HHS shares characteristics with traditional flotation systems. Instead of being aerated, the slurry is mixed with an oil. Oil molecules simply perform better at grabbing hydrophobic particles, Suboleski said. “It is a matter of contact angle,” he said. “We can recover particles that are both larger and smaller than flotation can.” The system employs several steps. In the first step, the oil and slurry are mixed mechanically. “We have to mix this stuff pretty thoroughly, because if we don’t get the oil on the coal or the mineral particle, it doesn’t get recovered,” Suboleski said. The mix is then piped to a second tank. “These oil-covered particles are attracted to each other,” Suboleski said. “They bump into each other and they form agglomerates.”

Those agglomerates ensconce water droplets. “The impurities are hydrophilic, so they want to go where the water goes,” Suboleski said. “And when the moisture is trapped inside, it also raises the impurity level, lowering the ore grade, which is the reason that agglomeration has not been used widely in the past, even though it was first discovered in the early 1900s.”

The patented method for agitating the mix to release trapped water and waste particles was discovered and invented by Dr.

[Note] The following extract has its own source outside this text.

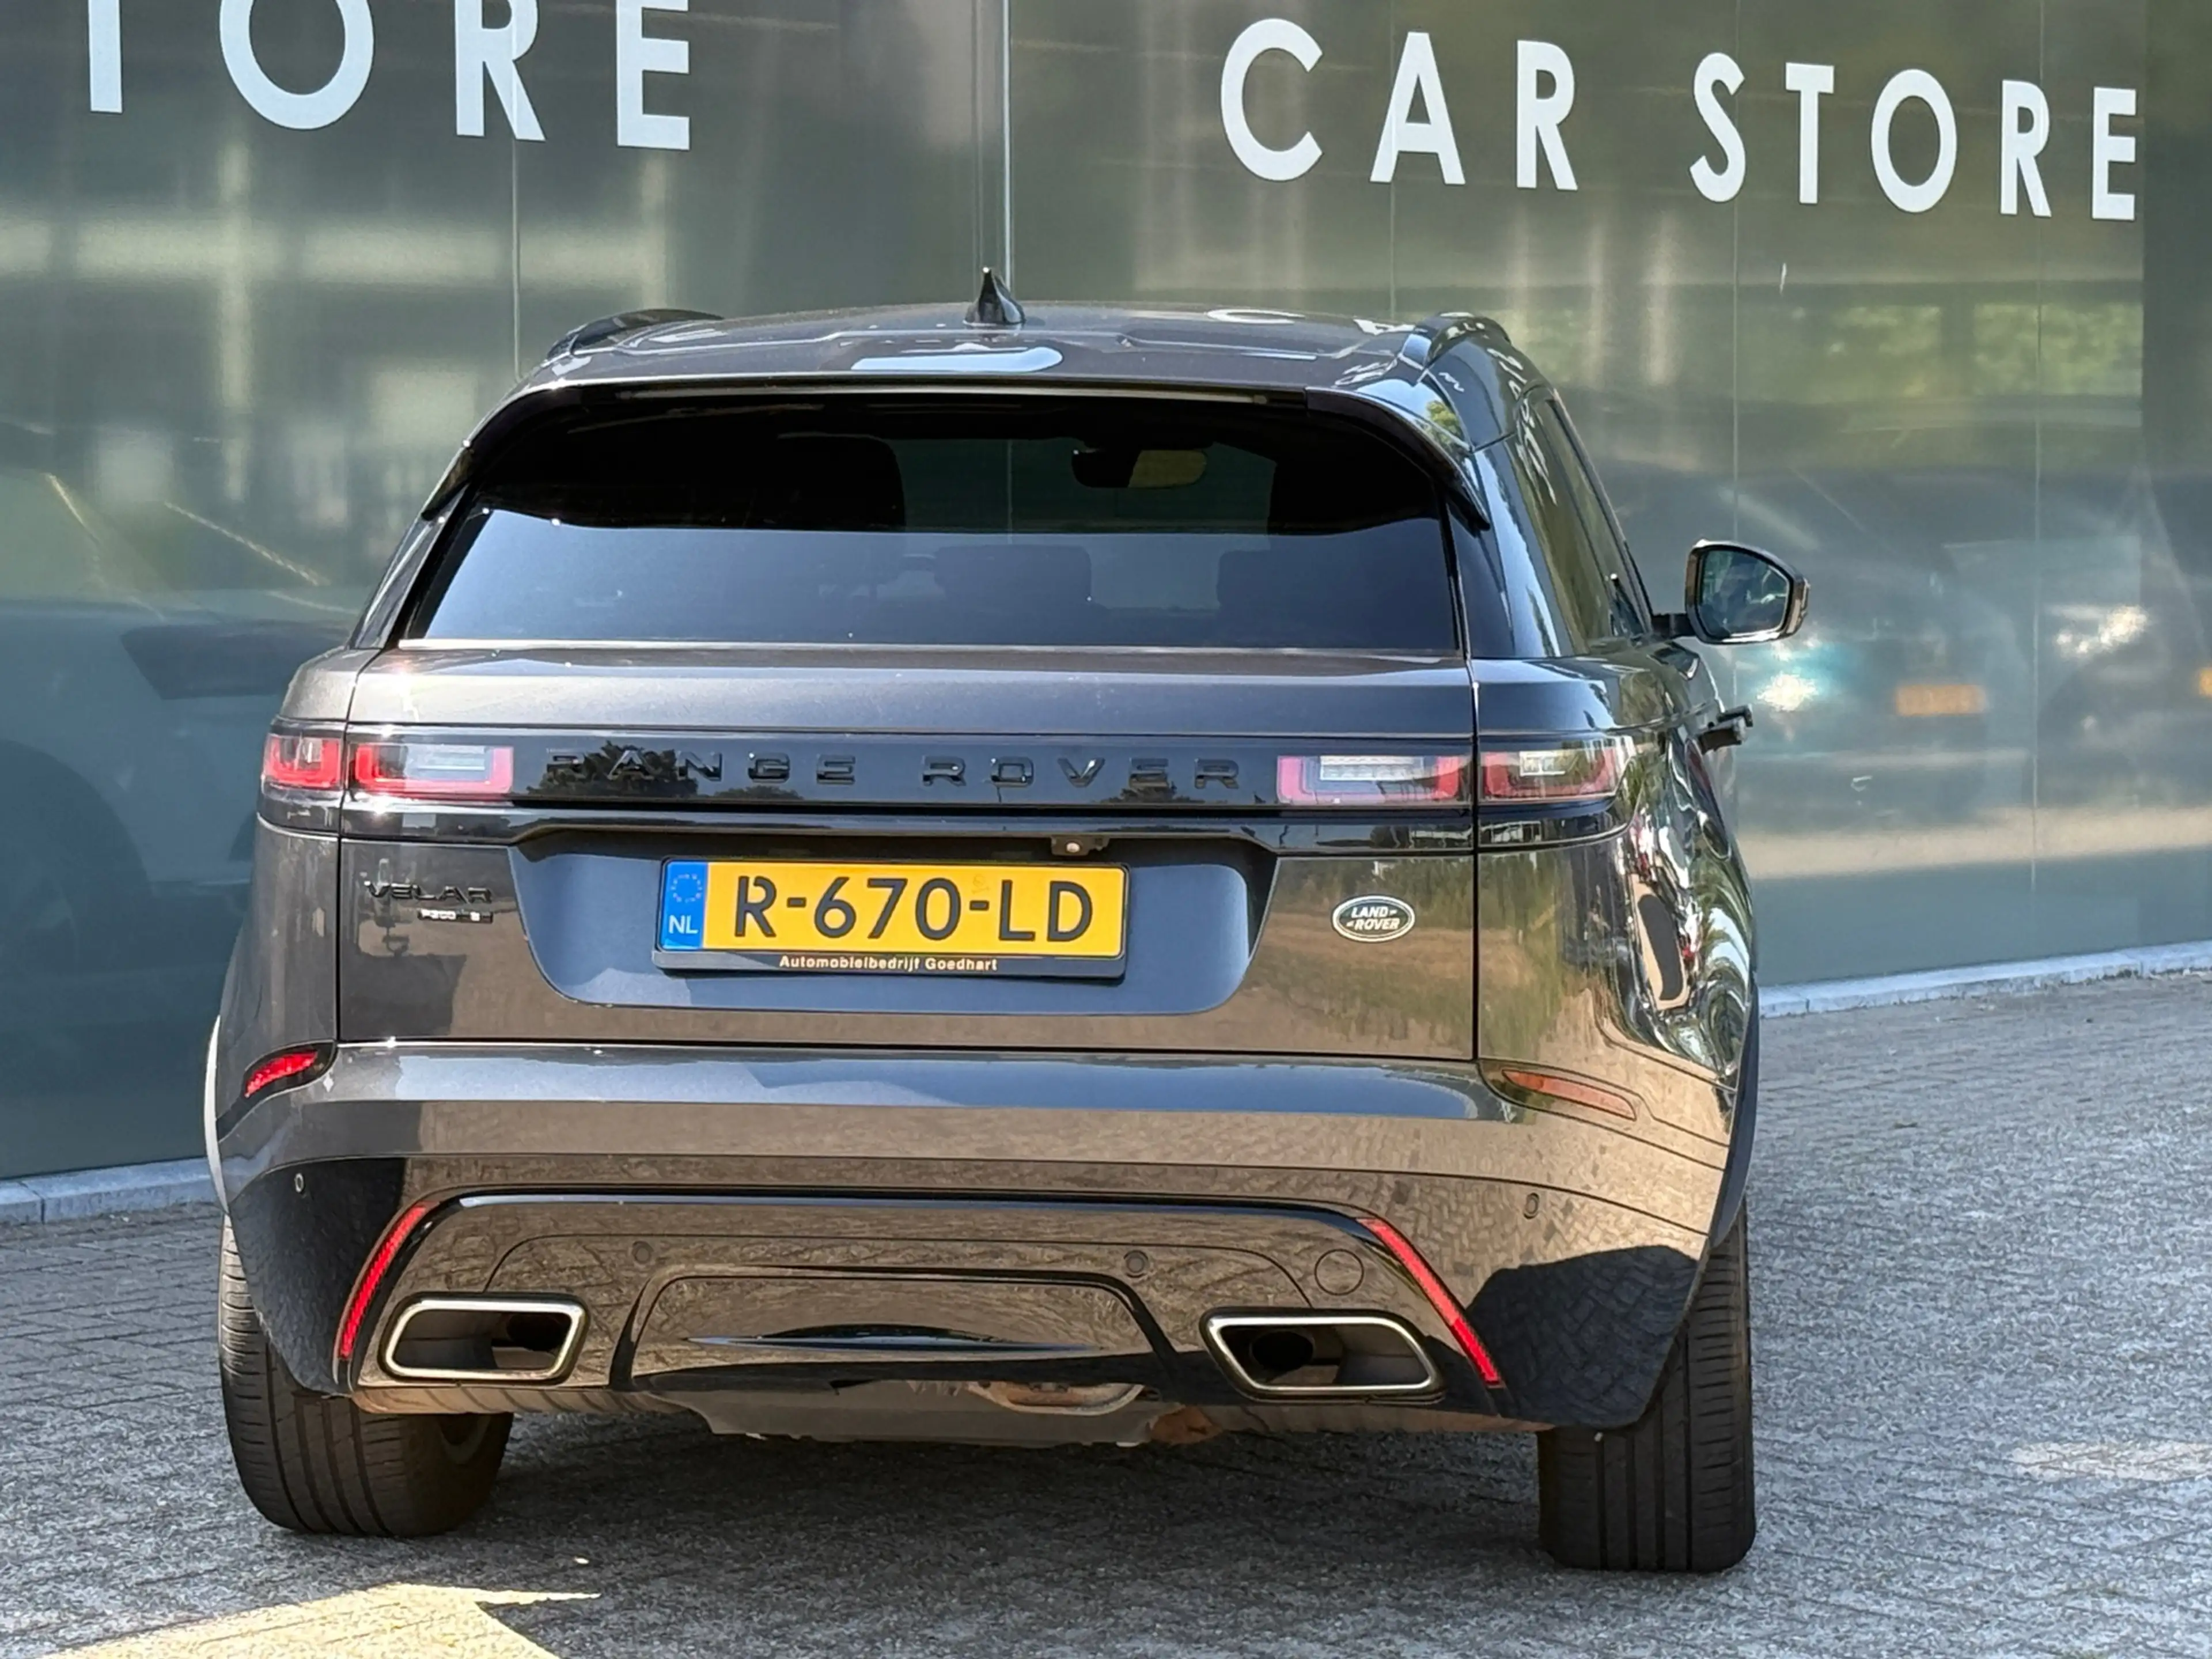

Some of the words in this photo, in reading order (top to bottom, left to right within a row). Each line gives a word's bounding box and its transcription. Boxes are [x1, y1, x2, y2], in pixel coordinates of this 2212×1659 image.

Roe-Hoan Yoon, director, Center of Advanced Separation Technologies, Virginia Polytechnic Institute and State University (Virginia Tech). “It largely involves the application of the correct amount of energy, although other factors are involved as well,” Suboleski said.

The agglomerate-breaking component that is the heart of the technology is called the Morganizer, after MRC Board Chairman E. Morgan Massey, and former CEO of the A.T. Massey Coal Co. “The name came from the developers of the initial unit several years ago and has stuck, somewhat to Mr. Massey’s embarrassment,” Suboleski said. In sync, the oil-coated ore particles rise to the top and the impurities and water are drain from the bottom of the Morganizer. The oil-ore mix is then piped into a vacuum filter, and then put through an evaporator, which enables the process to capture and recycle the oil.

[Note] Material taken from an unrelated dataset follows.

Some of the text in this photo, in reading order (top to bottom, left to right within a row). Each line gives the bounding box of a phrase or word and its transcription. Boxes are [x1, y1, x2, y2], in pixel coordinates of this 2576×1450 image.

The final product, which has, at times, been of a reportedly high enough quality to be categorized as “pure carbon,” emerges dry from a chute. It is the result of roughly seven years of research and development. MRC began brainstorming and testtube scale tests on the technology in 2011. A proof-of-concept unit was constructed the next year. “Based on results of tests from seven different coal plants, we went ahead and commissioned a company that specializes in building pilot plants to build one for us,” Suboleski said. “The design and construction consumed all of 2014 and the first part of 2015.”

The pilot plant was tested for two years. The feed averaged 58% ash, and the resulting clean coal averaged between 4% and 4.5%. “We discovered then that we could control the moisture,” Suboleski said. MRC stopped testing in late 2017 and “started our initial commercial plant design,” Suboleski said. “We now have our first plant under contract,” he said. And because it uses minimal water and otherwise is self-contained, it will operate under the existing permits for the plant.

Meanwhile, the idea was bandied about that HHS could be used in the process of recovering rare earths from coal waste. That in turn pushed the envelope to develop it for hard rock mining applications, which ran into inevitable hurdles. “Everybody who worked on this thing is a coal person,” Suboleski said. The idea, however, had legs, and labscale testing of HHS at recovering copper from what was otherwise considered waste has proven successful thus far. “We’re getting good results from samples of cleaner- stage flotation tails,” Suboleski said. “Now we want to broaden out to test samples from more processing plants — and ore types — and make sure it is not a fluke.”